Hexen’s brow twitched.
“Yes…that might work. Can you…”
“I’ll make both,” Perry offered “And I’ll do research on auto-immune brain disorders in the meantime. I may need it.”
“And do be quick about it, sweetheart. We’ve hired some discrete doctors to diagnose solely based on Solaris’s behavior. They universally say that the disease seems to be eroding Solaris’s emotional control center faster than the rest of him.”
“Is that by design?” Perry asked.
“I Believe so. I think Scrape wanted to drag Solaris down to his own level and smear his legacy.”
“What a petty asshole. Is he not talking?” Perry asked.
“He’s not breathing.” Hexen said.
Perry sucked in a breath through his teeth.
“Solaris lost his temper and vaporized Scrape upon learning of his involvement.”
“Yikes,” Perry said. It was worse than he’d expected.
“If you’re going to try something to help, you’d better be fast.” Hexen said. “Solaris is now spending all his time as light to halt the disease, but every now and then he needs to make a public appearance. Like your wedding.”
“Each public appearance is taking time off the clock. One more outburst like the one that ended Scrape and the Anchors will have to take action.”
Hexen scanned the surrounding supers.
“He’s losing memories. I don’t need to remind any of you that Solaris’s background is less than pleasant, and built on a foundation of paranoia and tightly controlled violence.
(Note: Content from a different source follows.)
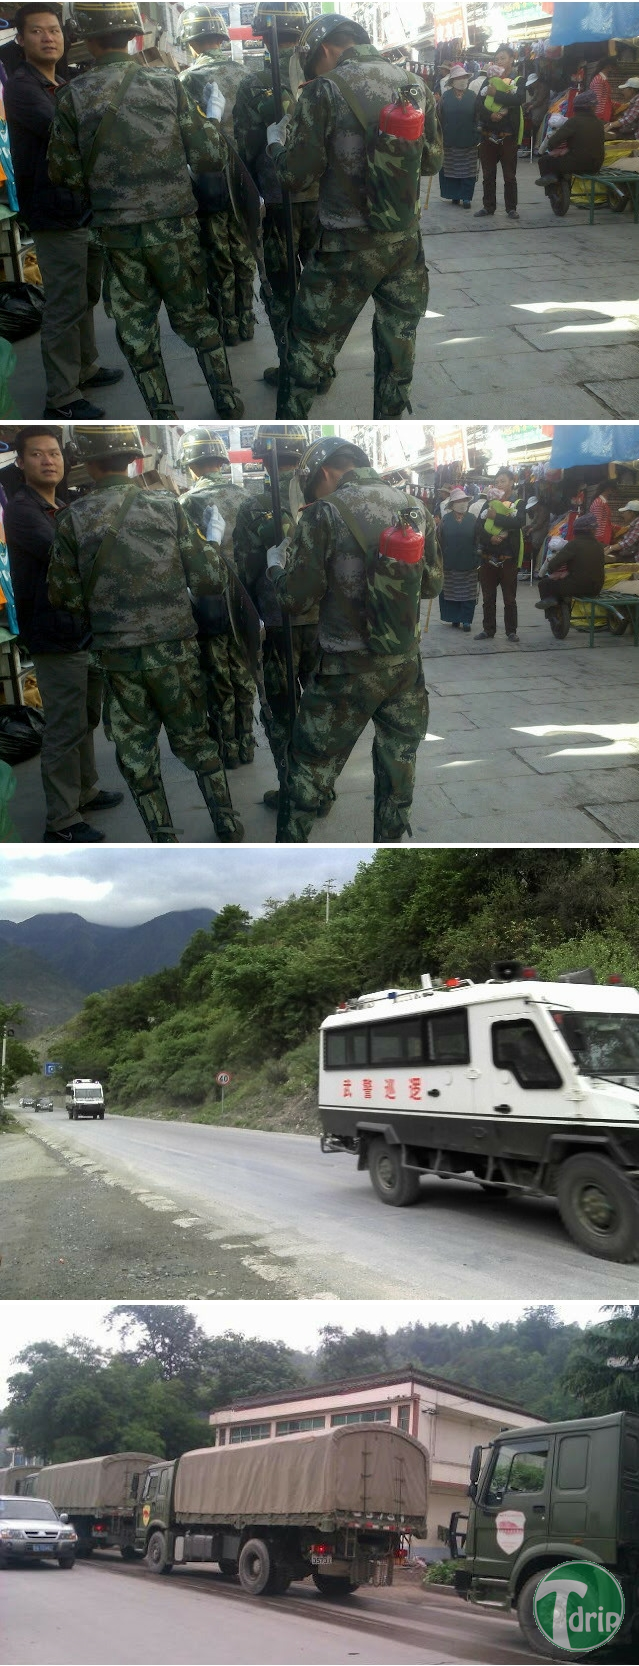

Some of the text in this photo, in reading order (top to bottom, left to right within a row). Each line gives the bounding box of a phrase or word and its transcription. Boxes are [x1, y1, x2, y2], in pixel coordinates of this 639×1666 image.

[219, 1075, 229, 1083] 40
[343, 1077, 422, 1100] 武警巡逻
If he begins to regress…we do not need a world-ending threat re-enacting his PTSD from gang warfare in the seventies.”
Perry nodded.
“I’ll get right on it.”
Perry stood and rounded up the kids.
“And Paradox?” Hexen said.
“Yeah?”
“Be careful what you say and who you say it to. You never saw much of it, but Solaris has always been paranoid. This disease…it’s making things worse. He may assume you’re trying to kill him.”
“Why would he assume that?” Perry asked.
“I can help with that,” Mechanaut said, turning towards the wall, a bright light projecting from his palm.
The wall blinked to life as a list of events began to scroll past.
“This is the list of times people close to Solaris have tried to kill, control, or depose him in the past.”
It was a long list.
“Oh.” Perry muttered as the events scrolled past, processing each of them and matching them to his knowledge of specific super deaths and disappearances. A long history of turmoil, sixty years in the making. “Damn.”
“Alright kiddos, we’re heading out. We’ve got more stops to make today.”
“Aww…” Sera and Gareth pouted, but Perry managed to bribe them into leaving their grandparents laps.
Honestly, Mom made more of a fuss about the twins leaving than they did, but everyone had work to do.
Perry gave everyone a firm goodbye and left them to unpackage the news with Mechanaut and Locust, while Perry popped through the portal.
They arrived at a little clinic in the middle of Funkytown.
“Aww…not Great Gramma…” Sera sulked. “Why are you taking us here?”
“Because when you’ve got small children with you, you’re temporarily safe from monsters. It’s monster movie rules.” Perry said, pinching her cheek.